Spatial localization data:
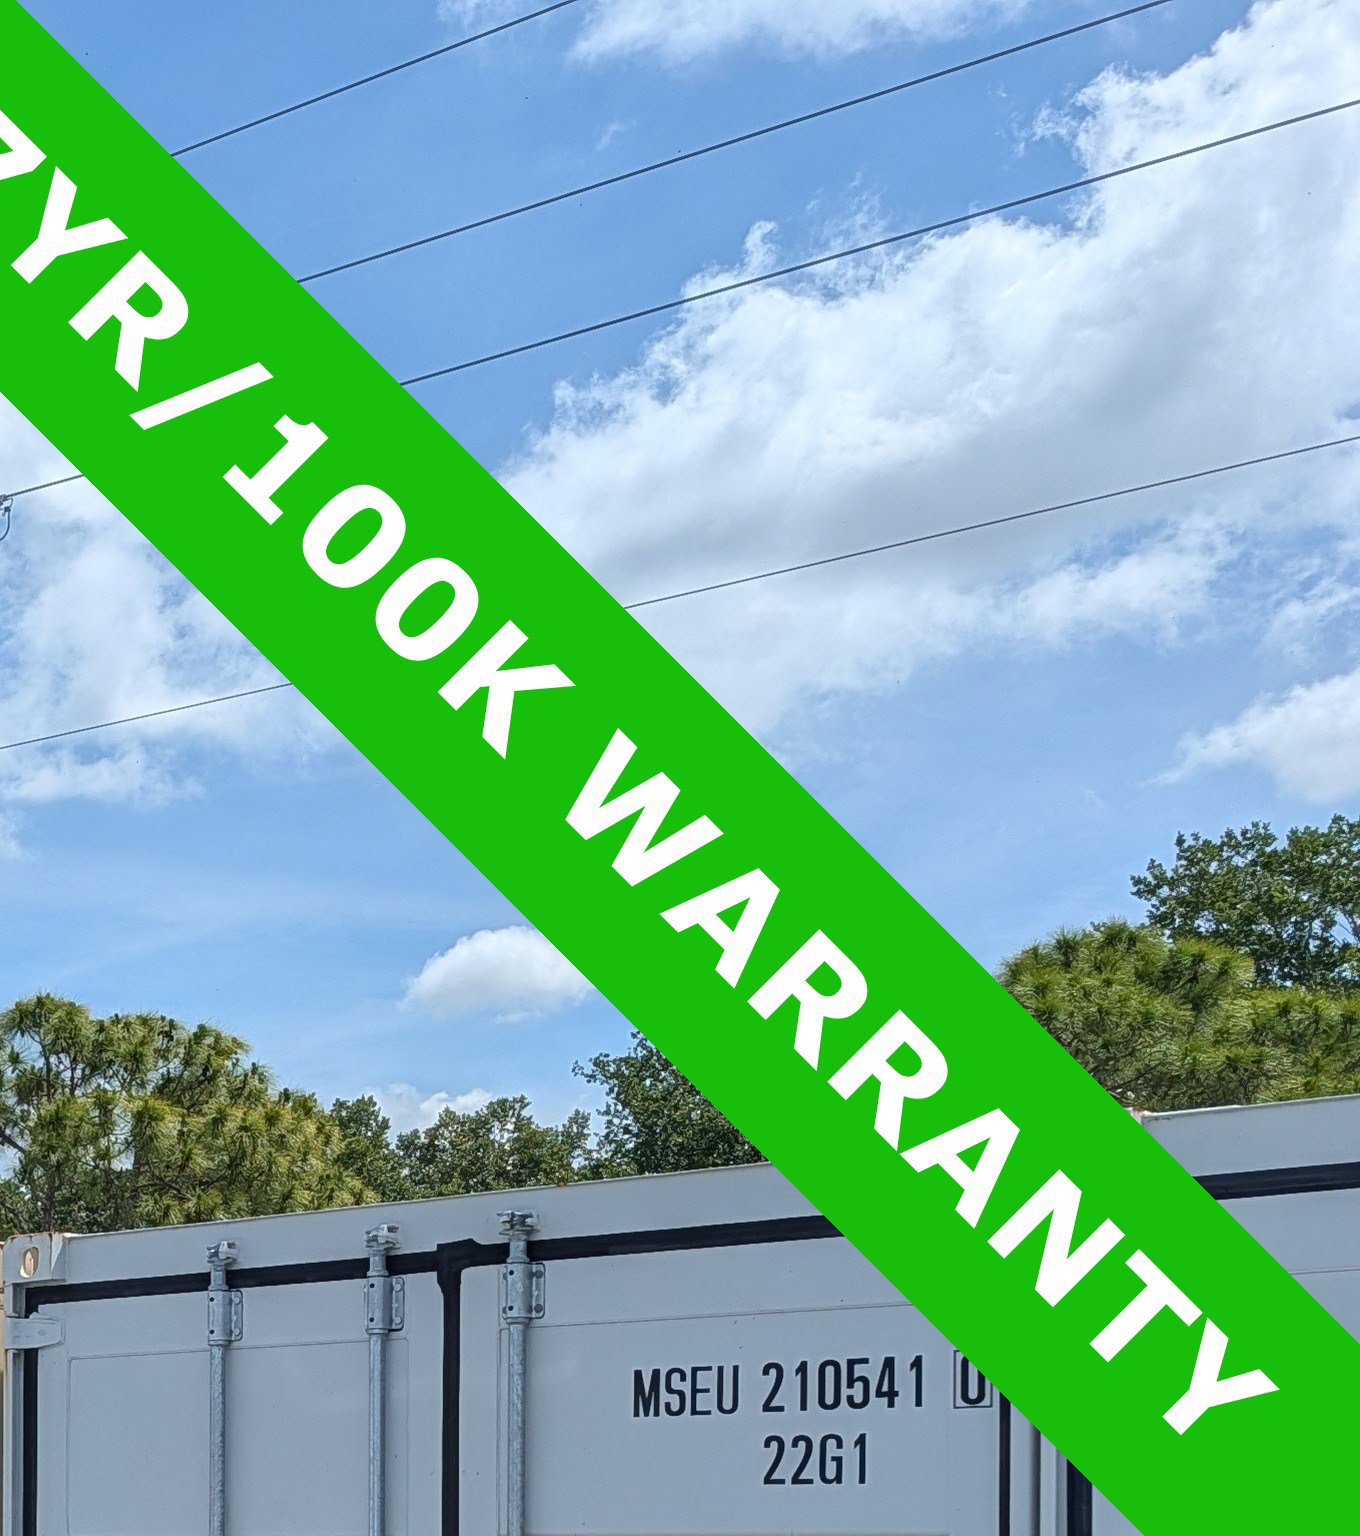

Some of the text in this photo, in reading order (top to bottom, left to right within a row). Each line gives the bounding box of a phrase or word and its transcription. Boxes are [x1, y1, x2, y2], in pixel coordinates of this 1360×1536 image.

[633, 1365, 739, 1417] MSEU
[762, 1355, 923, 1412] 210541
[763, 1433, 867, 1485] 22G1
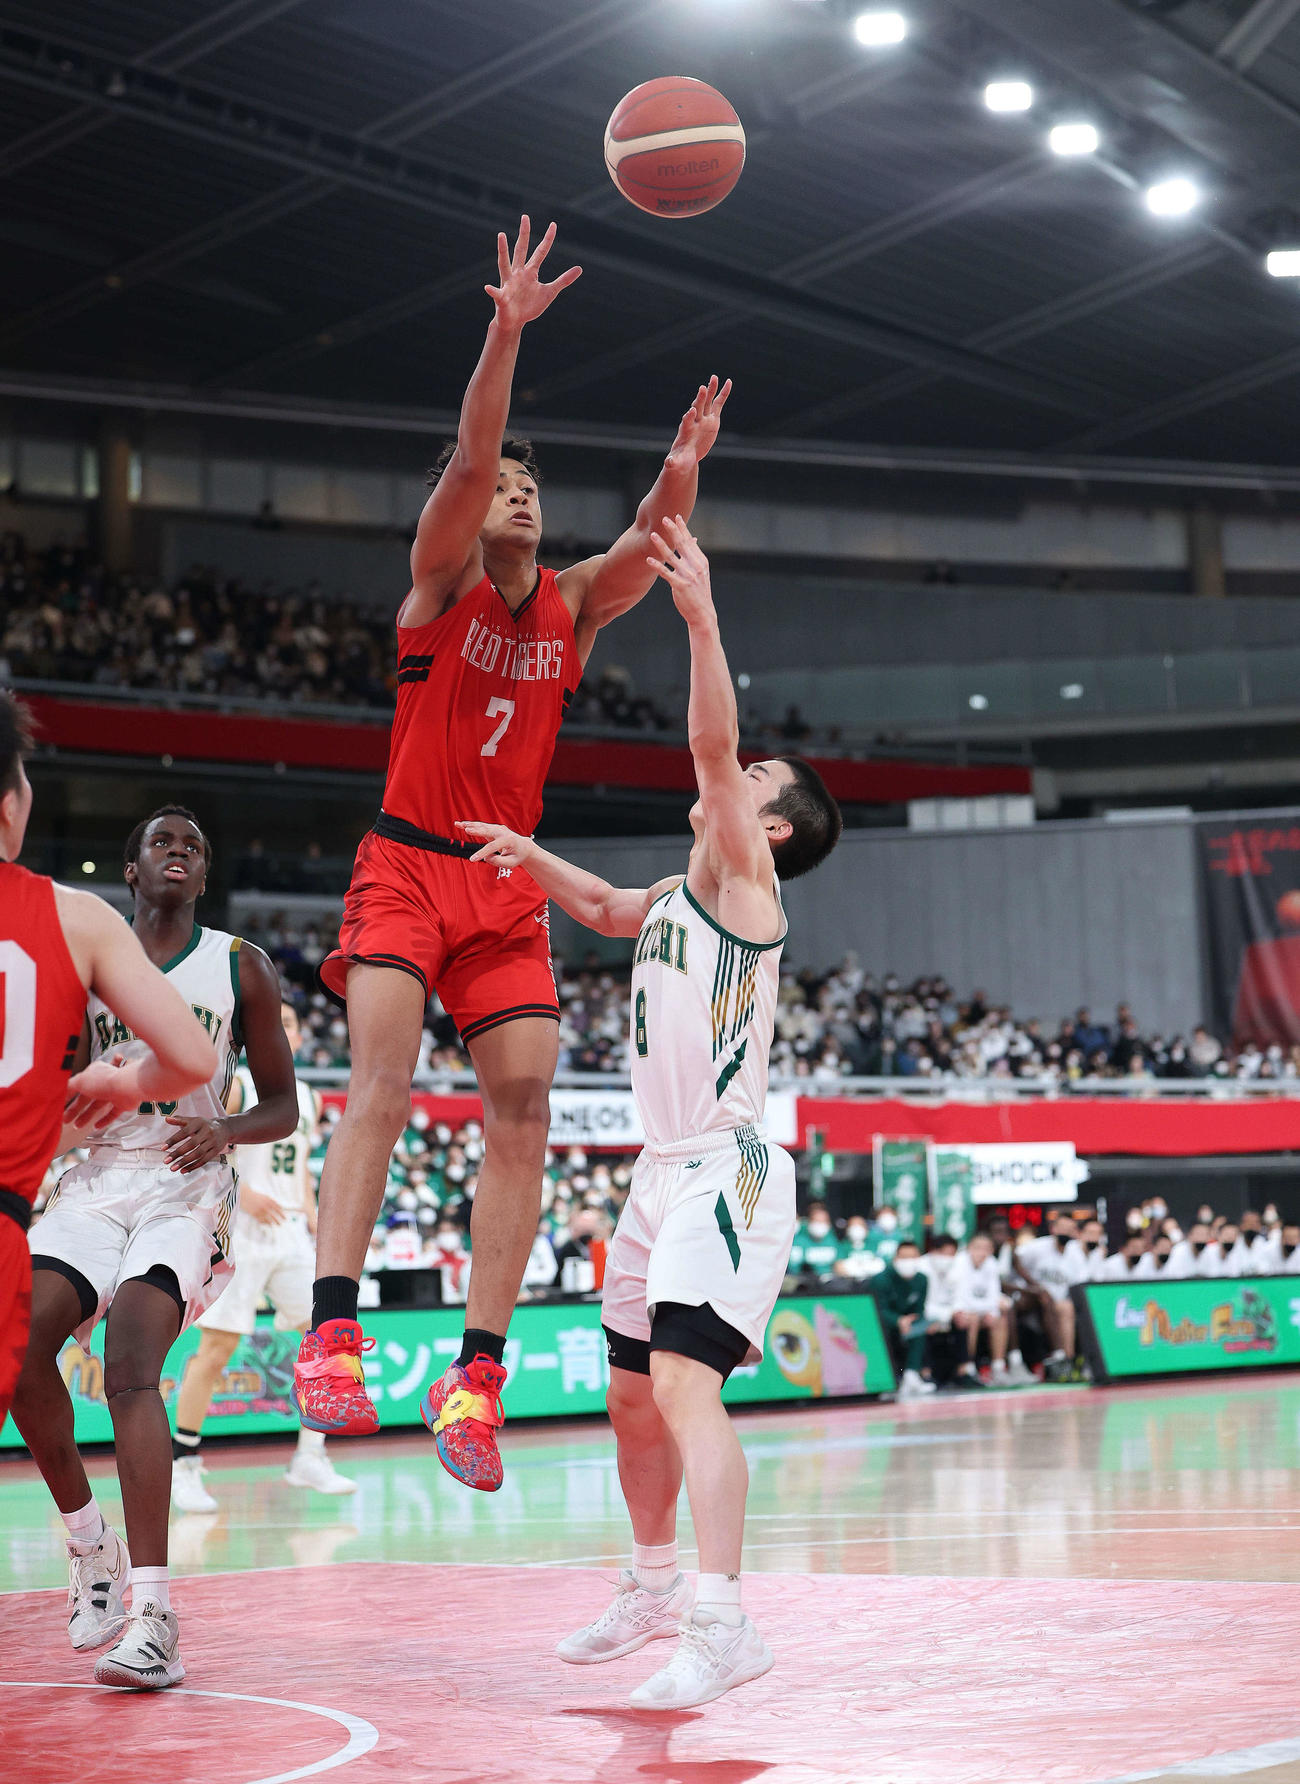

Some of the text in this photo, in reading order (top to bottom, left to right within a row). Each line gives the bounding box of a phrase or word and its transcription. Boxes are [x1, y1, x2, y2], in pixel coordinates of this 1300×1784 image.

[657, 158, 719, 177] molten
[460, 617, 503, 673] RED
[501, 639, 564, 681] TIGERS
[480, 695, 516, 757] 7
[272, 1143, 296, 1174] 52

Your objective -
Write out the data word for word. Any picture is to be skipped.

Your solution -
Some of the text in this photo, in reading order (top to bottom, left to right within a row). Each line gives the bounding box of a phrase or word and its transcription. Boxes are [x1, y1, x2, y2], in pixel coordinates of this 1360×1536 image.

[633, 1365, 739, 1417] MSEU
[762, 1355, 923, 1412] 210541
[763, 1433, 867, 1485] 22G1

Some of the text in this photo, in reading order (top to bottom, left to right within a row). Each line gives the bounding box of a phrase or word and its transcription. Boxes are [x1, y1, x2, y2], in pixel coordinates of this 1300×1784 image.

[657, 158, 719, 177] molten
[460, 617, 503, 673] RED
[501, 639, 564, 681] TIGERS
[480, 695, 516, 757] 7
[272, 1143, 296, 1174] 52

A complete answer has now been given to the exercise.